So, these kids were terrific. After the class, after they had graduated, they came back and they talked, and I see them once in a while, I'll talk to them. One of them, just after four years, finally decided she wanted to go to law school, brilliant girl, woman. She finally decided she's going to Columbia Law School. She got money at other schools, and so on. So, I keep in touch with them as well. So, that's the best memory I have of Eagleton.
We tried to develop a specialty connection with the Political Science Department. They'd have a particular master's program that would be sort of half practice, half theory; didn't work out. They really needed somebody to ride herd on it, and Eagleton directly asked me if I would run this program. I said, "No, I'm not running anything anymore. I'll cooperate, I'll give advice, and so on, I'll participate, but, no, I'm not going to administer anything." So, it hasn't gone anywhere. Most programs, if you want something to work, you find some busy person to run it.
SI: You have also done a lot of public-facing work. You, I think, were a commentator for CBS for a little while.
SI: Yes. What about that aspect of the field?
GP: Well, that is fun, and, for a while, I was doing op-eds for The Star-Ledger. Then, they cut out paying people to do op-ed pieces. I said, "Well, you pay everybody else, why can't you pay me?" [They] said, "Well, we don't have a budget." I said, "Well, I don't have the time." Then, I was doing the same thing for The Bergen Record, lower league. They were paying me less, but, then, they decided they couldn't pay anyone; I mean, forget it. So, I've sort of missed that.
I created a blog in which I was--I guess it's still in existence, theoretically, nothing disappears from the net--but, unless you work at it, I was sending this to twelve people who are on the mailing list. [laughter] So, I could write letters to people and do [the same thing] if I have anything to say about politics. If radio stations call me up, I respond like that. I give, especially during an election year--my brother used to call it my "busy season"--you get invitations to library talks, and so on. I do that, synagogues and stuff, and that's fun, meeting people and talking about it.
CBS, one of my students, doctoral students, also became a friend, she wrote a dissertation for me on Catholic voting. She herself was Catholic, is Catholic. Then, she got into public opinion work and she was working for CBS News. She became Director of the CBS News Poll. A couple of times, she wrote one of the chapters in my election book. Then, in 2008, she was going to retire soon--when your own students retire, you know you're getting old [laughter]--she was going to retire and move with her husband to Hawaii.
She said she'd wanted to do this for a long time, but she'd gotten me a gig with CBS Radio for the election. So, they want me to be on their program at the conventions, and they'll pay me for it. So, I did that, went to each convention, and this was her gift, I guess, to me and did election night, too, and that was good. It was behind the scenes, and I didn't really do much, but everybody wants air time on these staffs. Once every hour or so, every half-hour, "Well, Professor Pomper, what do you think of?" blah. I'd get sixty seconds to make some comment, and they could make the same comments.

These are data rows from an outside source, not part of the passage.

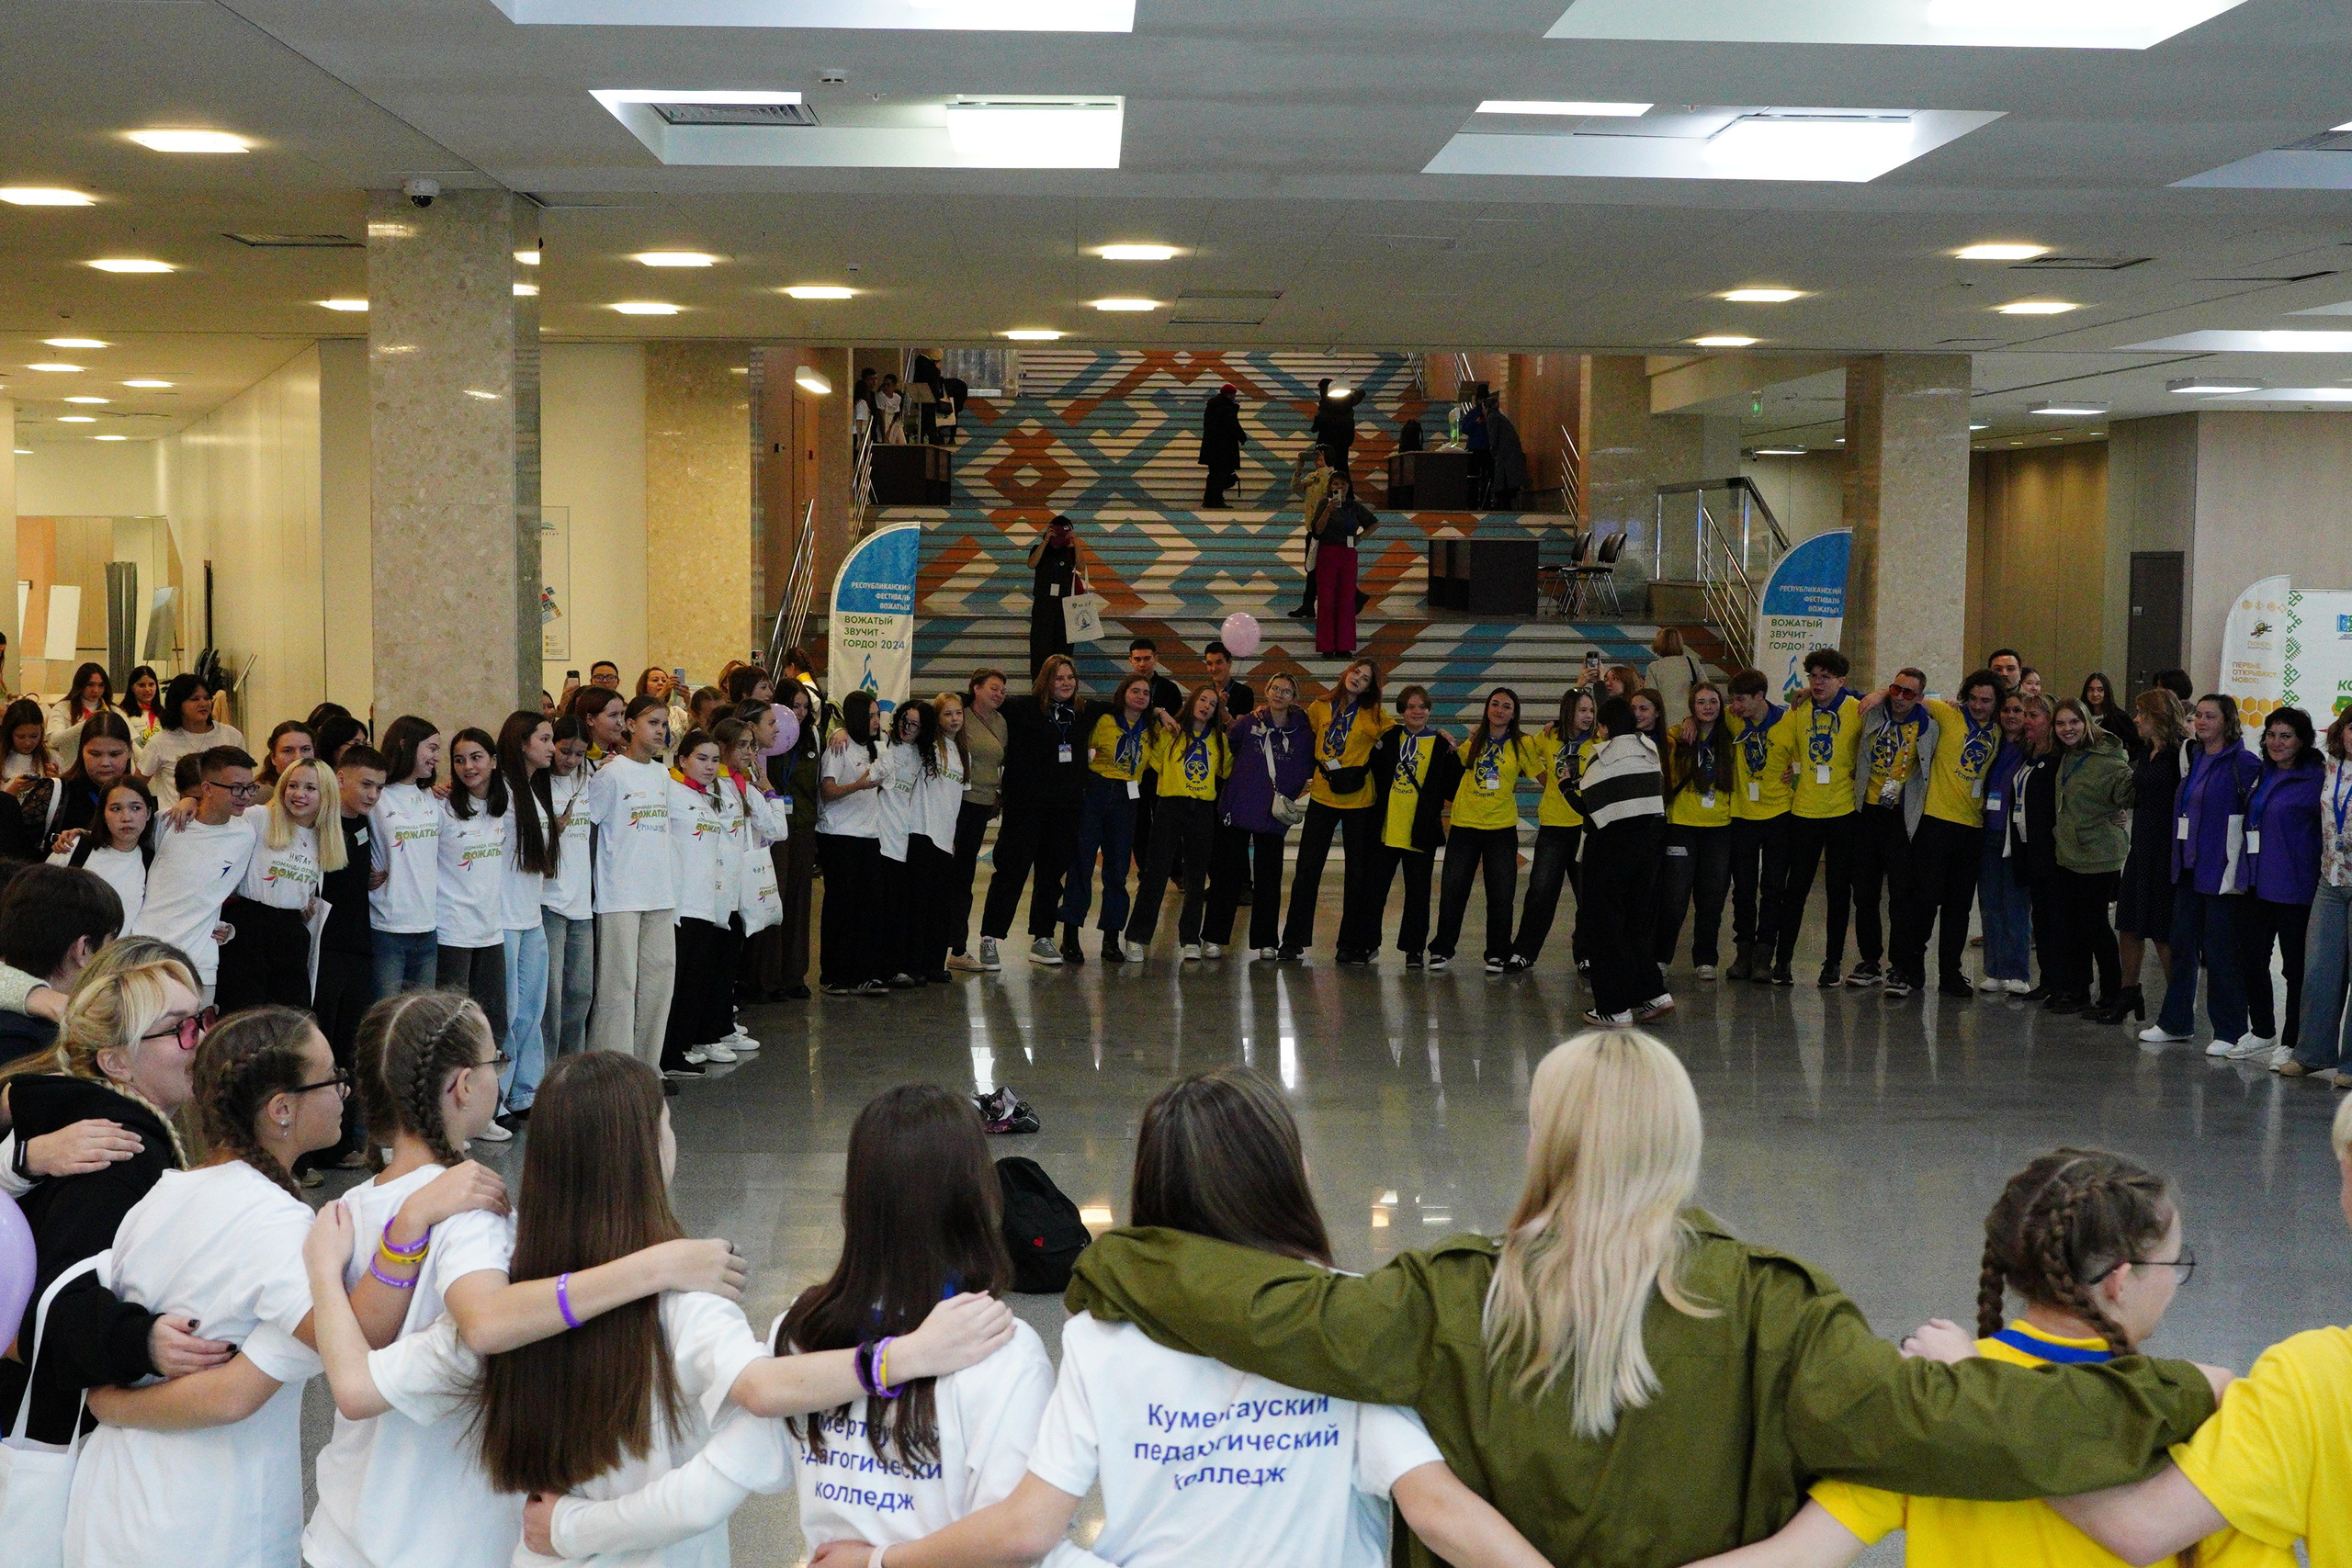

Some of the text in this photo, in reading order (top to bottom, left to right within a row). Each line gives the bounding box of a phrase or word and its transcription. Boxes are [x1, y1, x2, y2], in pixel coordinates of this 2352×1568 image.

[851, 581, 911, 591] РЕСПУБЛИКАНСКИЙ
[1779, 585, 1842, 595] РЕСПУБЛИКАНСКИЙ
[875, 592, 911, 602] ФЕСТИВАЛЬ
[1803, 595, 1840, 604] ФЕСТИВАЛЬ
[879, 603, 910, 611] ВОЖАТЫХ
[844, 615, 893, 626] ВОЖАТЫЙ
[1770, 618, 1823, 627] ВОЖАТЫЙ
[843, 626, 879, 637] ЗВУЧИТ
[1770, 630, 1807, 639] ЗВУЧИТ
[842, 638, 905, 649] ГОРДО! 2024
[1769, 641, 1804, 651] ГОРДО!
[1185, 783, 1208, 792] Успеха
[815, 1481, 915, 1513] колледж
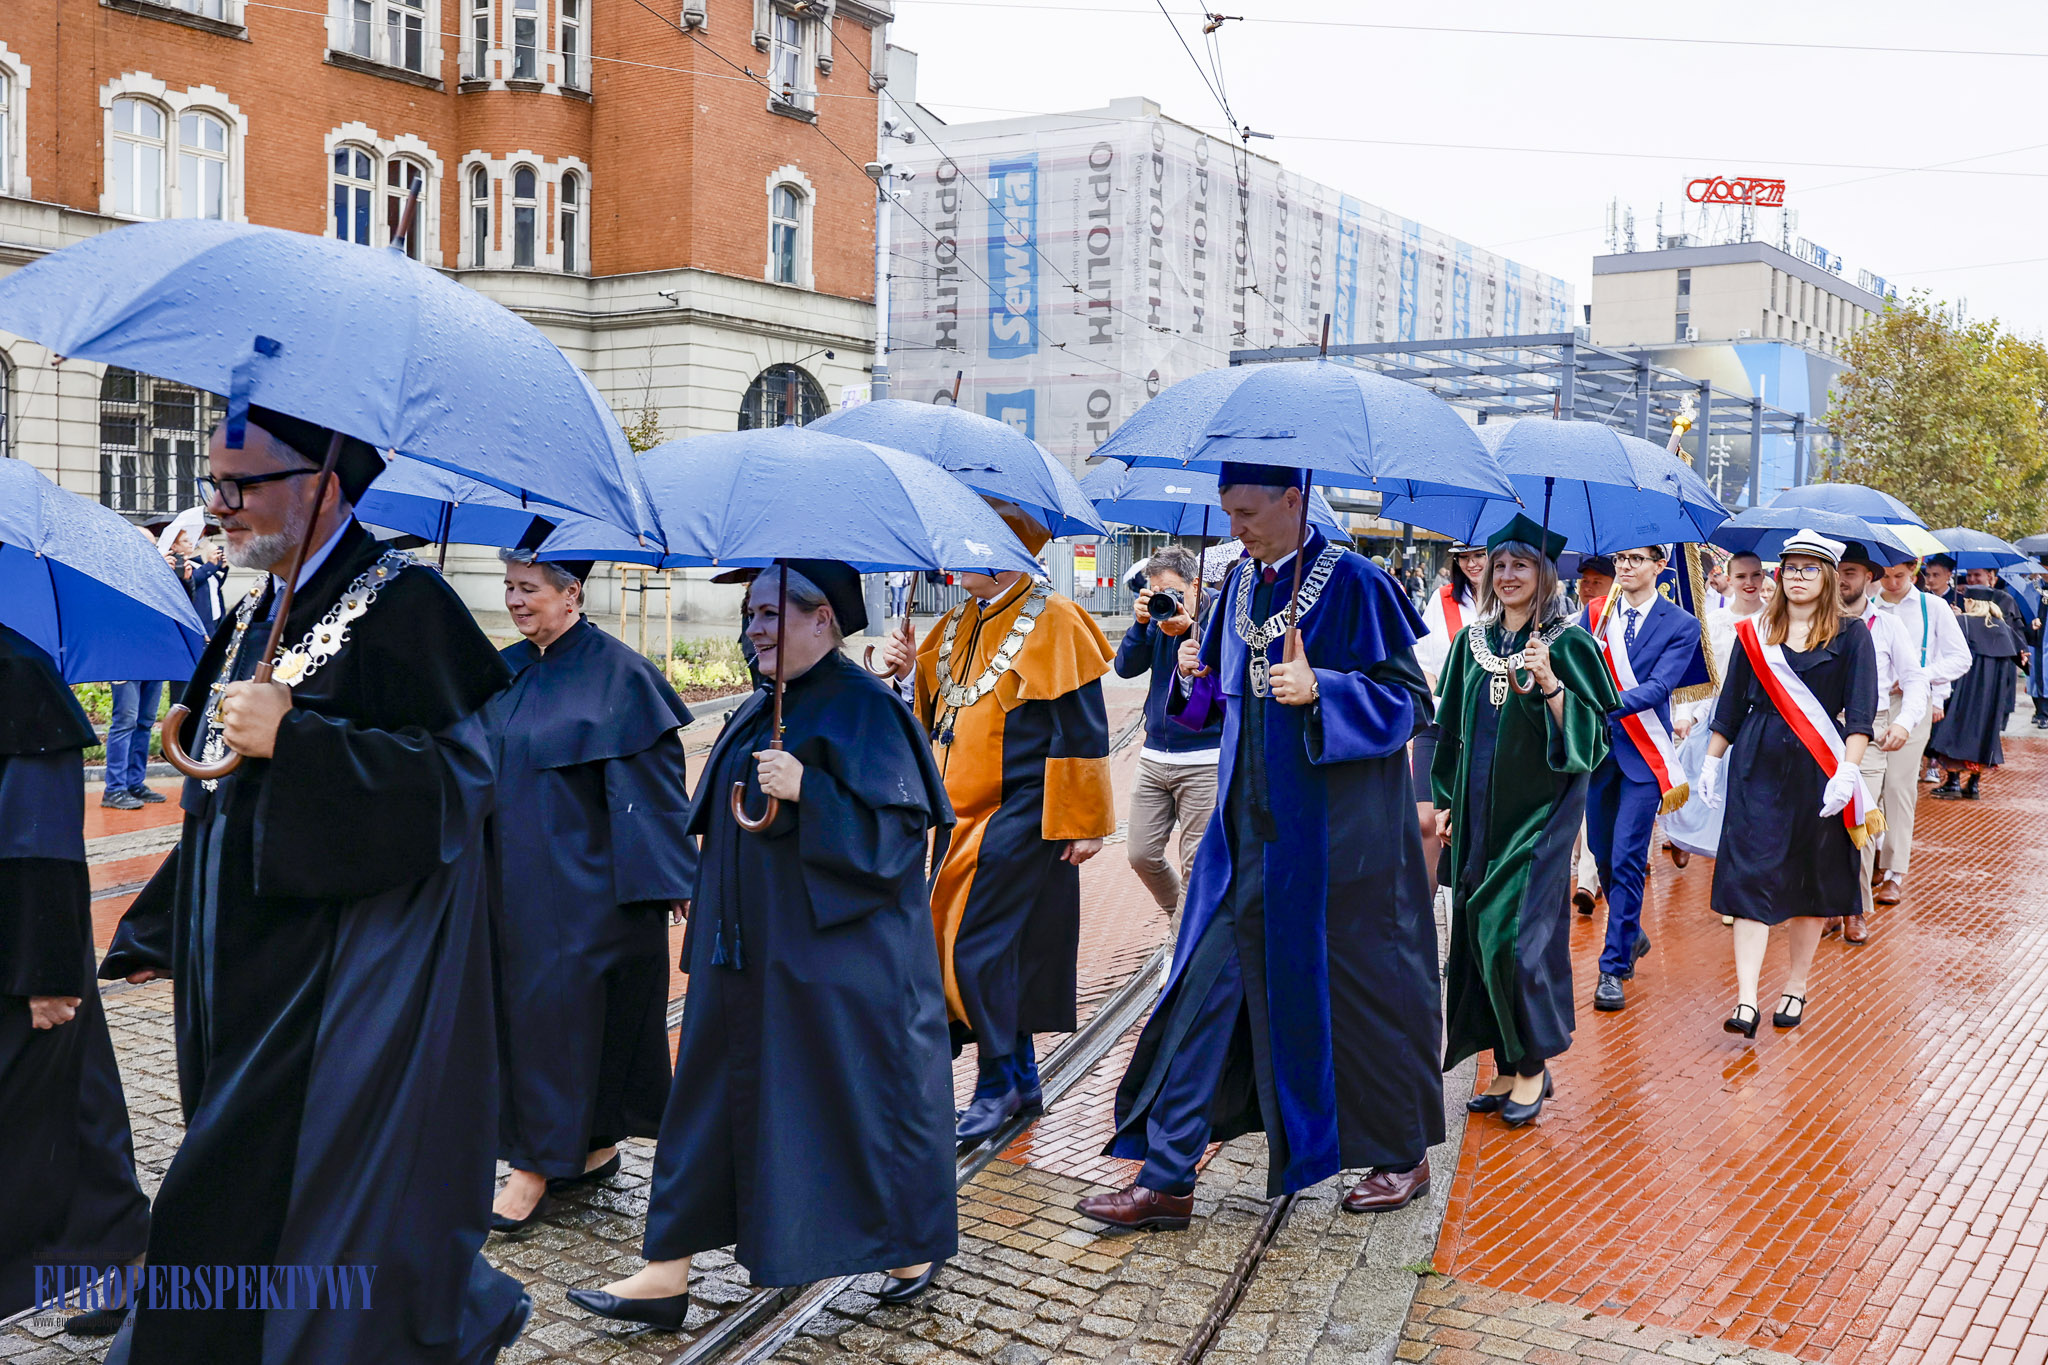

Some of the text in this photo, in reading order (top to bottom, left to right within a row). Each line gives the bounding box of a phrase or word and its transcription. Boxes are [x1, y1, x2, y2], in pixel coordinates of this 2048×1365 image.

[935, 157, 959, 349] OPTOLITH
[992, 172, 1031, 345] Sewera
[1087, 142, 1114, 346] OPTOLITH
[1147, 120, 1165, 325] OPTOLITH
[1192, 136, 1209, 334] OPTOLITH

It was fun being behind the scenes and seeing the polls as they come in. They don't broadcast the exit polls until starting at eight o'clock, so, you can see them in advance, but they have all these security precautions, so [that] you don't release them before eight o'clock. So, I've done that and, if they asked me again, I'd do it, but I'm retired. There are other people they can get, and my student is no longer running the CBS Poll. [laughter]
SI: Is there anything else that you would like to talk about that we have not discussed, this time or last time?
GP: I think we have covered a lot of it. I mean, you can ask me questions, you know what I mean, all kinds of. You talked earlier about Livingston, the Faculty Chamber, and so on. There were big debates there about different things, and, many of them, you don't even remember why it was this important. [laughter]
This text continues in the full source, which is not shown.